Laryngoscope. 2013: Nov 123(11): 2817-22. doi: 10.1002/lary.24126
I have access to the full text of this study.
Now we aren't even talking about IGF-1. PRP. Me. Minbo Shim. Whatever.
We are talking about the detrimental incompetence of the British Tinnitus
Association.
Analysis of he aforementioned study:
View attachment 29794
Introduction:
"Thirty patients with
refractory tinnitus who were
diagnosed in the Department of Otolaryngology, Ajou University Hospital, Suwon, Republic of Korea,
between 2006 and 2007 were enrolled and then were assigned into two groups of ITDI (15 patients) or saline (15 patients) by permuted block randomization. Intratympanic injections were double‐blind performed four times within 2 weeks. After 4 weeks, we analyzed the improvement and aggravation rates of tinnitus using the following parameters: questionnaires, tinnitus handicap index (THI), loudness matching test, frequency, and duration of tinnitus."
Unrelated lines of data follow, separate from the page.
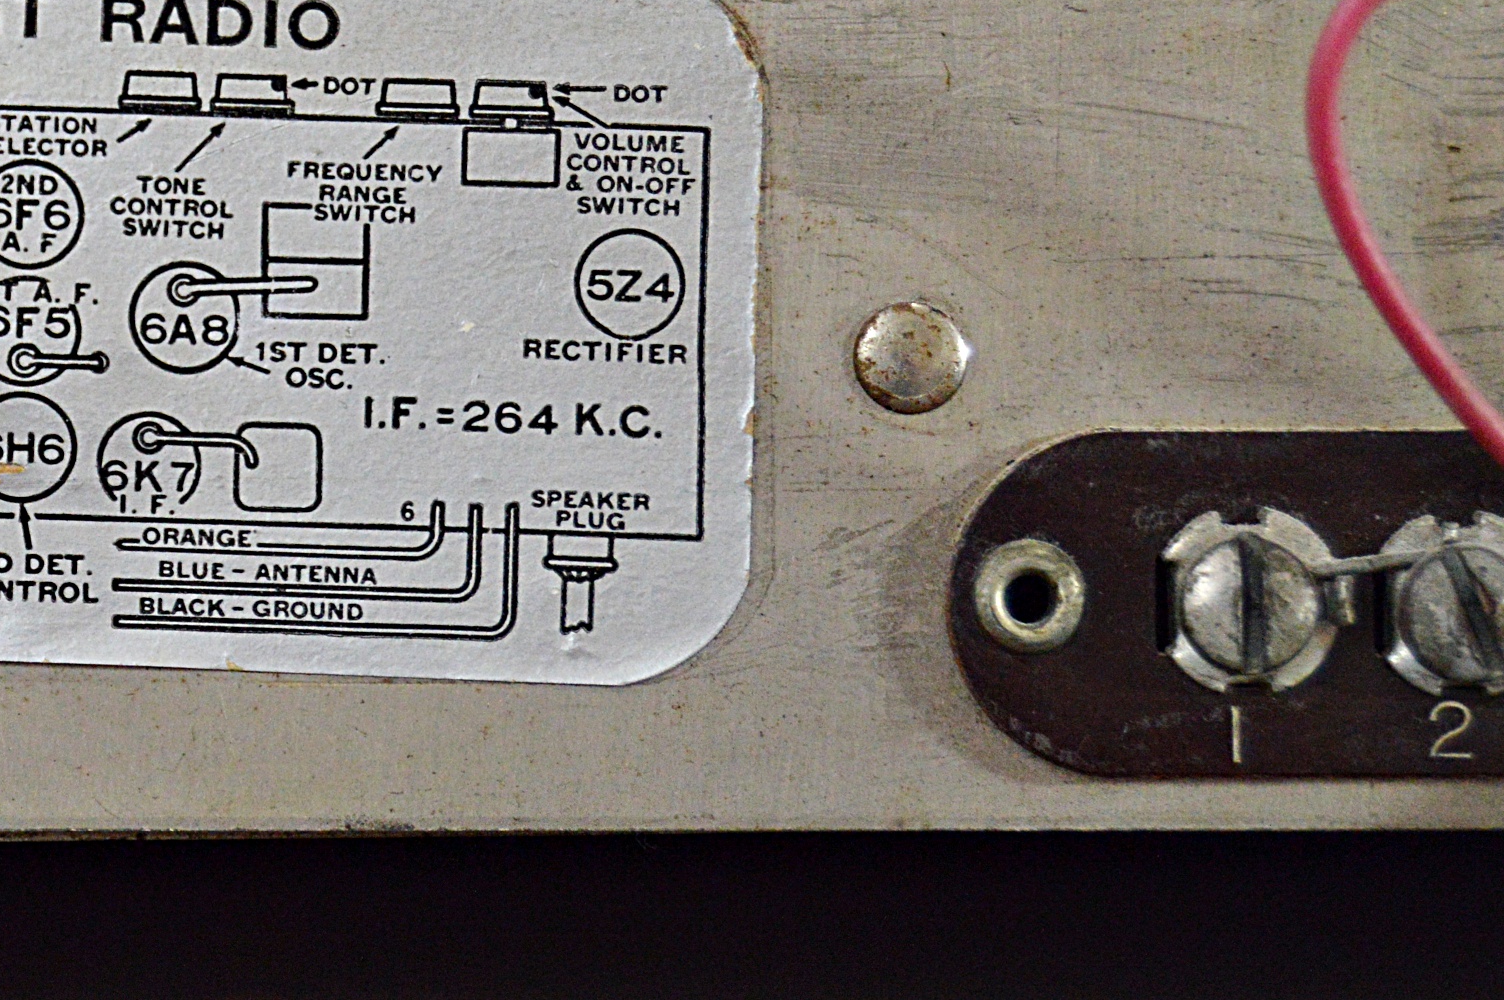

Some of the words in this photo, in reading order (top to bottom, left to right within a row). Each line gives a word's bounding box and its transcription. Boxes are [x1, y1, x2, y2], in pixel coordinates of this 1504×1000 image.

[323, 76, 377, 96] DOT
[613, 83, 668, 104] DOT
[574, 132, 685, 154] VOLUME
[287, 161, 443, 183] FREQUENCY
[566, 154, 691, 176] CONTROL
[0, 174, 59, 196] 2ND
[136, 175, 206, 196] TONE
[319, 184, 407, 205] RANGE
[565, 174, 584, 192] &
[598, 175, 697, 196] ON-OFF
[109, 196, 234, 219] CONTROL
[313, 204, 416, 224] SWITCH
[576, 196, 681, 217] SWITCH
[122, 220, 225, 240] SWITCH
[586, 269, 675, 304] 5Z4
[139, 313, 229, 346] 6A8
[255, 341, 308, 362] 1ST
[318, 342, 386, 365] DET.
[522, 338, 688, 365] RECTIFIER
[285, 366, 353, 391] OSC.
[102, 461, 195, 493] 6K7
[400, 500, 415, 522] 6
[530, 489, 651, 511] SPEAKER
[555, 511, 626, 532] PLUG
[141, 526, 252, 548] ORANGE
[24, 553, 93, 576] DET.
[157, 560, 225, 581] BLUE
[254, 563, 377, 586] ANTENNA
[138, 597, 226, 617] BLACK
[251, 599, 364, 621] GROUND
[1229, 704, 1243, 764] 1
[1428, 701, 1475, 760] 2
"This work was supported by Konyang University Myunggok Research Fund of
2009."
Source:
View attachment 29795
So this study was performed between 2 to 3 years after they were diagnosed with tinnitus. Of course intratympanic steroids wouldn't help them. Their hair cells would have long been dead (apoptosis).
The whole point of dexamethasone intervention is to be administered quickly, shortly after acoustic trauma, to prevent hair cell apoptosis (death of the hair cell).
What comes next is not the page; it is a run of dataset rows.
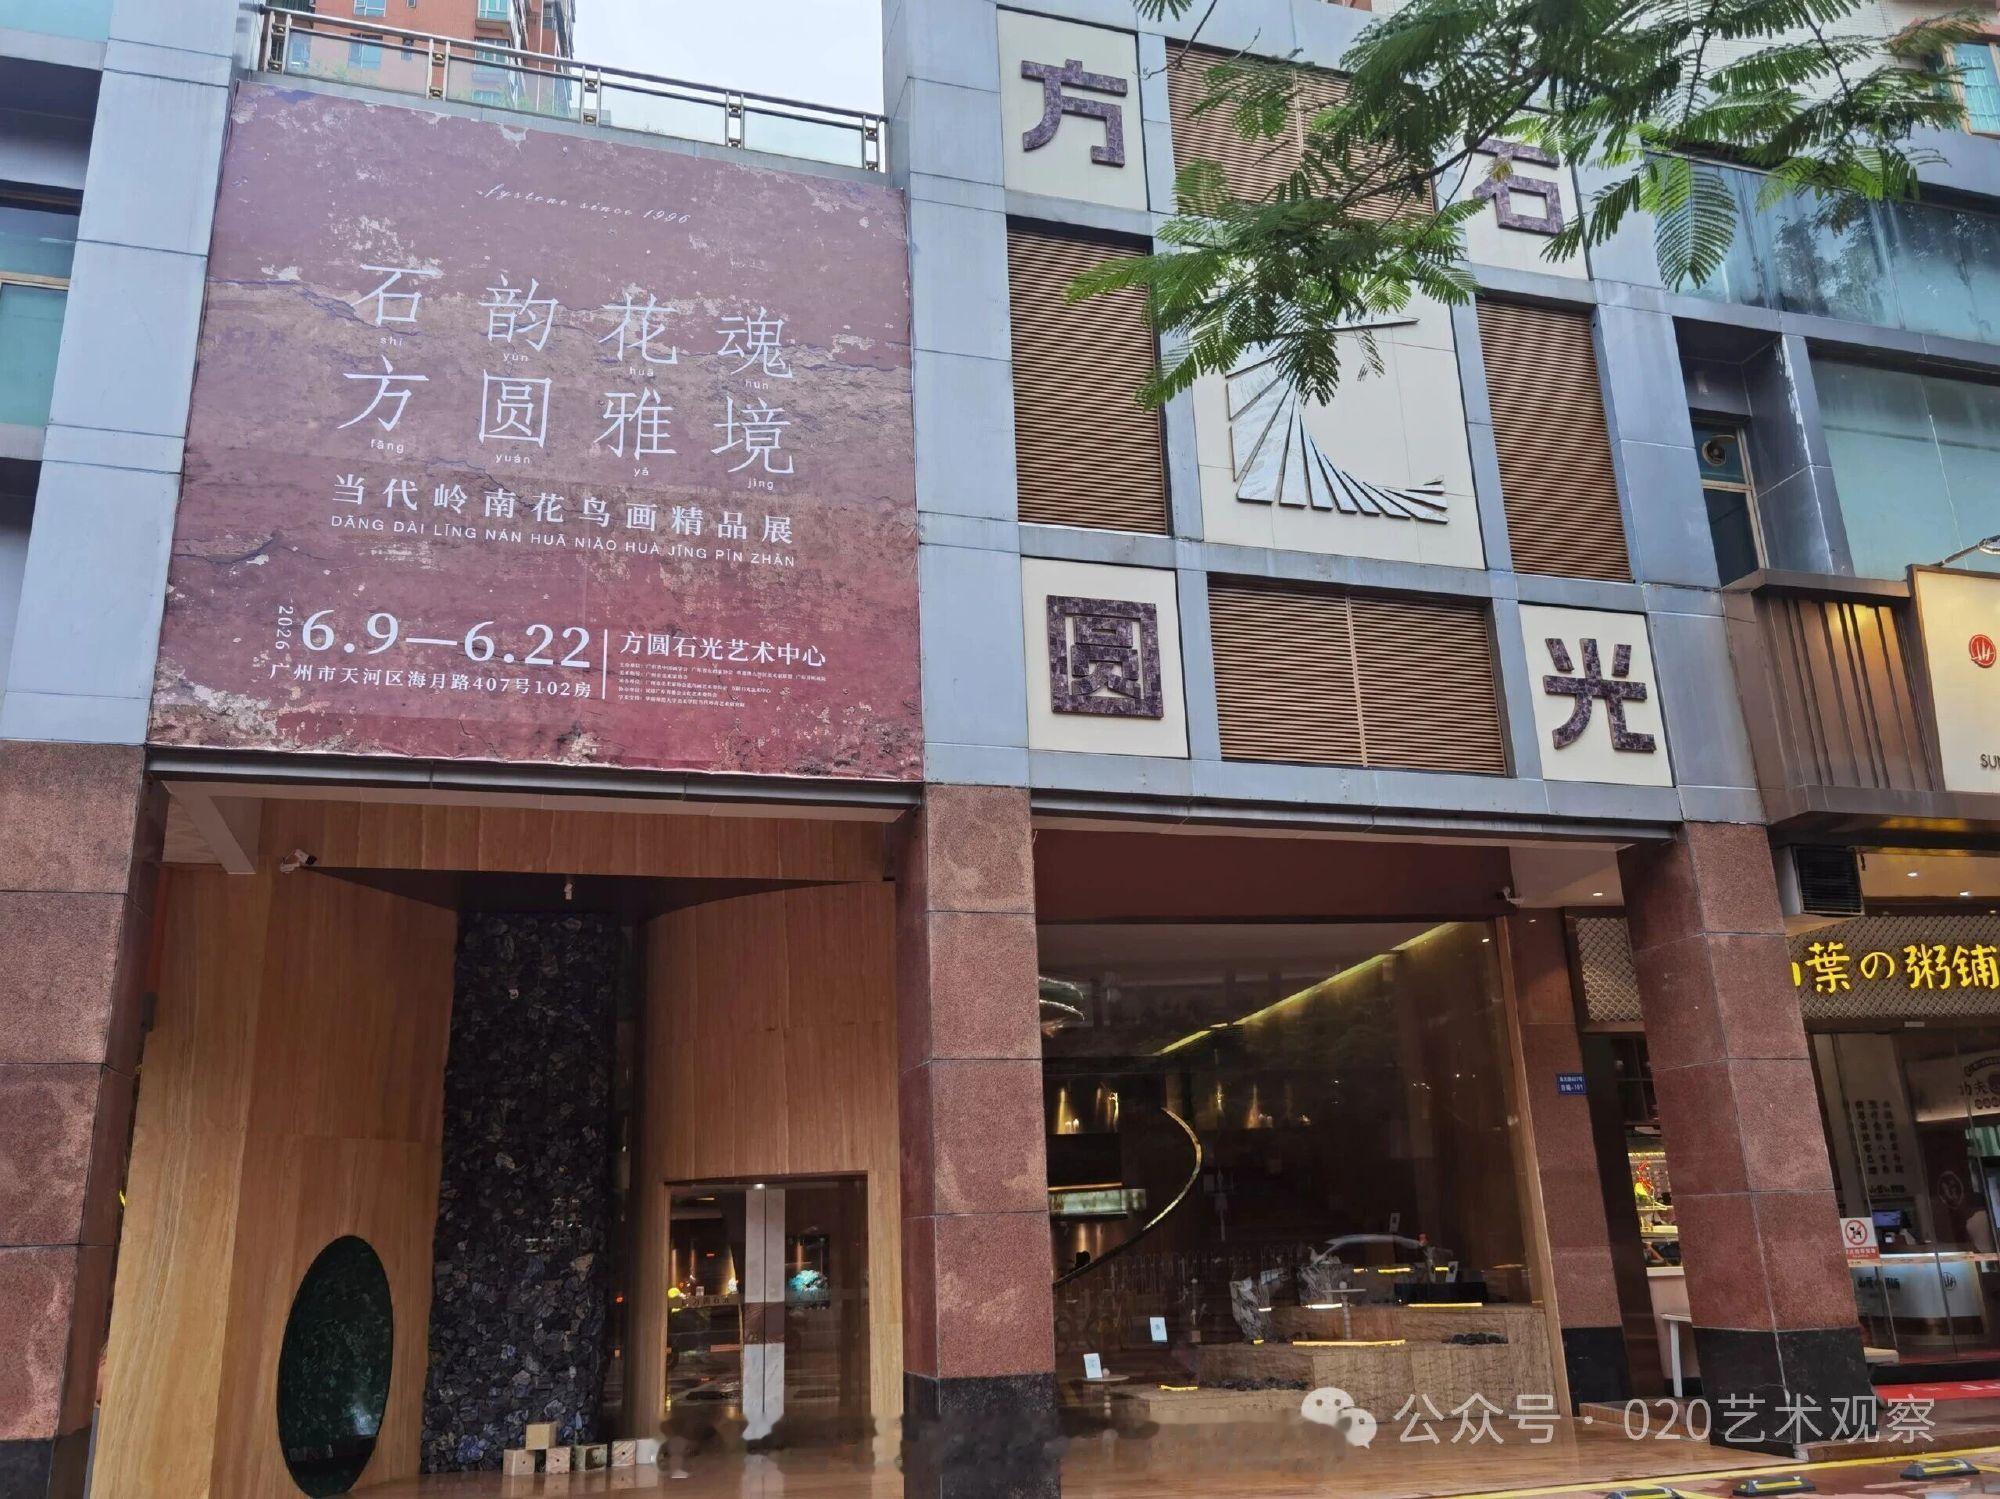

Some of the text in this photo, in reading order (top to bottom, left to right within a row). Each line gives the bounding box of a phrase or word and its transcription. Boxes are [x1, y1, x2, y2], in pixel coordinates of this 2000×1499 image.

[1021, 59, 1127, 168] 方
[580, 202, 633, 216] since
[643, 209, 692, 224] 1996
[1472, 138, 1564, 236] 石
[350, 263, 794, 379] 石韵花魂
[337, 355, 794, 474] 方圆雅境
[333, 473, 794, 544] 当代岭南花鸟画精品展
[275, 605, 294, 651] 2026
[619, 631, 826, 667] 方圆石光艺术中心
[269, 662, 592, 698] 广州市天河区海月路407号102房
[1542, 637, 1657, 754] 光
[1792, 942, 2000, 994] 葉の粥铺
The previous paper I've cited numerous times regarding IGF-1 treatment vs dexamethasone had populations that improved in both groups, but intervention occurred quickly,
within 25 days, not 2 to 3 years.
"Patients who had been diagnosed as having SSHL and who had no recovery after systemic glucocorticoid treatment for more than 7 days were recruited within 25 days of SSHL onset"
Source:
View attachment 29796
The BTA is very influential in the tinnitus world of academia. They are quoted in college level textbooks about tinnitus and hyperacusis. They are dismissing and ignoring interventions that may have very well helped the majority of us avoid chronic hearing loss and tinnitus, if we had had access to them as soon as we first acquired our acoustic traumas. However, the main intervention being offered to us is oral steroids, which from the accounts of patients on this forum, including myself, is obviously ineffective. So why is that even the main intervention? Oral steroids? Wouldn't intratympanic steroids be more effective? Topical vs. systemic application? The science points to a more effective result when administered intratympanically shortly after onset of hearing loss. However, the mention of IT dexamethasone use from the BTA's website just downplays any use of this, while not mentioning that the study they sourced was on patients that were years into their onset. It seems as if they are making arguments against effective interventions while taking money and funding non-curative research into mindfulness. Am I the only one that sees how detrimental this is? Their actions are possibly increasing the number of people that don't recover from tinnitus, while also not funding research into the very things that may reverse it. Their very existence could be delaying any progress whatsoever.
Maybe the BTA staff have good intentions, but maybe they are not equipped to handle their level of influence.